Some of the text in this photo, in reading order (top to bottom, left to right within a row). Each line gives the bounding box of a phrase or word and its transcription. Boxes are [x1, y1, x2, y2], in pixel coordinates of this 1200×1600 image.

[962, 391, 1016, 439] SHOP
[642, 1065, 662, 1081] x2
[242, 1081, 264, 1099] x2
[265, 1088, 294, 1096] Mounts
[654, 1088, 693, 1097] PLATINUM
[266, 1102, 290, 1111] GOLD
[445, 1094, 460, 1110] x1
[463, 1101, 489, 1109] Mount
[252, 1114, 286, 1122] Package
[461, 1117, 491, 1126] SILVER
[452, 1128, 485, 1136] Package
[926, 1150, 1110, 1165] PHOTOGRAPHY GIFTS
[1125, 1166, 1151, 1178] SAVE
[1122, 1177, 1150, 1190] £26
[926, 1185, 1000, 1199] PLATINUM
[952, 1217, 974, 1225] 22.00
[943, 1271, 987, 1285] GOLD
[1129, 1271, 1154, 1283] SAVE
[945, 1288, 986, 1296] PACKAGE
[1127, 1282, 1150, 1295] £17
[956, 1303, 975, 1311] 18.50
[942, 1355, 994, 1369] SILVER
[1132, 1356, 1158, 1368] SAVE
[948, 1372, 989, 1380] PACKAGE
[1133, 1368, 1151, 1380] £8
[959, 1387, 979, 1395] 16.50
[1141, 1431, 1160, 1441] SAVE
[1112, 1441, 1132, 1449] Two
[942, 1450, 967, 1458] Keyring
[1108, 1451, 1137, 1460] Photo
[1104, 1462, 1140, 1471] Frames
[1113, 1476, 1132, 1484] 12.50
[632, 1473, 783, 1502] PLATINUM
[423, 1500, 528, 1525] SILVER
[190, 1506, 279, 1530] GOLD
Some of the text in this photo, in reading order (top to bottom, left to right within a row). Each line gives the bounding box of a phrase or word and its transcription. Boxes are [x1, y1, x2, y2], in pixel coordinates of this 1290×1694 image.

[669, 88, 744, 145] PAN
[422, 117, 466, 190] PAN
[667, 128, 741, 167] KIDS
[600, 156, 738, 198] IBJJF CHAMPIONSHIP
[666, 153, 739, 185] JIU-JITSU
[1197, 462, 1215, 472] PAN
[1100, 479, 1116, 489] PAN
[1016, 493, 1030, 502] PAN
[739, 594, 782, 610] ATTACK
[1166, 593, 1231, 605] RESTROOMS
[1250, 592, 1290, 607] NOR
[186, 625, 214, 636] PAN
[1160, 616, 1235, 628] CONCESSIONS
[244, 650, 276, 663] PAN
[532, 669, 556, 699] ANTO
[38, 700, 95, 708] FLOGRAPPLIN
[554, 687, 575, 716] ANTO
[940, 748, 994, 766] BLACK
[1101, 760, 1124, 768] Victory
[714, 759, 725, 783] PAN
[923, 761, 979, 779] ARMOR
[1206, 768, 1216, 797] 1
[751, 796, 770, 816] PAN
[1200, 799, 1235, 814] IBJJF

### WORK ITEM:
All of the records above should be copied exactly.

### RESULT OF THIS EXERCISE:
Some of the text in this photo, in reading order (top to bottom, left to right within a row). Each line gives the bounding box of a phrase or word and its transcription. Boxes are [x1, y1, x2, y2], in pixel coordinates of this 1200×1600 image.

[962, 391, 1016, 439] SHOP
[642, 1065, 662, 1081] x2
[242, 1081, 264, 1099] x2
[265, 1088, 294, 1096] Mounts
[654, 1088, 693, 1097] PLATINUM
[266, 1102, 290, 1111] GOLD
[445, 1094, 460, 1110] x1
[463, 1101, 489, 1109] Mount
[252, 1114, 286, 1122] Package
[461, 1117, 491, 1126] SILVER
[452, 1128, 485, 1136] Package
[926, 1150, 1110, 1165] PHOTOGRAPHY GIFTS
[1125, 1166, 1151, 1178] SAVE
[1122, 1177, 1150, 1190] £26
[926, 1185, 1000, 1199] PLATINUM
[952, 1217, 974, 1225] 22.00
[943, 1271, 987, 1285] GOLD
[1129, 1271, 1154, 1283] SAVE
[945, 1288, 986, 1296] PACKAGE
[1127, 1282, 1150, 1295] £17
[956, 1303, 975, 1311] 18.50
[942, 1355, 994, 1369] SILVER
[1132, 1356, 1158, 1368] SAVE
[948, 1372, 989, 1380] PACKAGE
[1133, 1368, 1151, 1380] £8
[959, 1387, 979, 1395] 16.50
[1141, 1431, 1160, 1441] SAVE
[1112, 1441, 1132, 1449] Two
[942, 1450, 967, 1458] Keyring
[1108, 1451, 1137, 1460] Photo
[1104, 1462, 1140, 1471] Frames
[1113, 1476, 1132, 1484] 12.50
[632, 1473, 783, 1502] PLATINUM
[423, 1500, 528, 1525] SILVER
[190, 1506, 279, 1530] GOLD
Some of the text in this photo, in reading order (top to bottom, left to right within a row). Each line gives the bounding box of a phrase or word and its transcription. Boxes are [x1, y1, x2, y2], in pixel coordinates of this 1290×1694 image.

[669, 88, 744, 145] PAN
[422, 117, 466, 190] PAN
[667, 128, 741, 167] KIDS
[600, 156, 738, 198] IBJJF CHAMPIONSHIP
[666, 153, 739, 185] JIU-JITSU
[1197, 462, 1215, 472] PAN
[1100, 479, 1116, 489] PAN
[1016, 493, 1030, 502] PAN
[739, 594, 782, 610] ATTACK
[1166, 593, 1231, 605] RESTROOMS
[1250, 592, 1290, 607] NOR
[186, 625, 214, 636] PAN
[1160, 616, 1235, 628] CONCESSIONS
[244, 650, 276, 663] PAN
[532, 669, 556, 699] ANTO
[38, 700, 95, 708] FLOGRAPPLIN
[554, 687, 575, 716] ANTO
[940, 748, 994, 766] BLACK
[1101, 760, 1124, 768] Victory
[714, 759, 725, 783] PAN
[923, 761, 979, 779] ARMOR
[1206, 768, 1216, 797] 1
[751, 796, 770, 816] PAN
[1200, 799, 1235, 814] IBJJF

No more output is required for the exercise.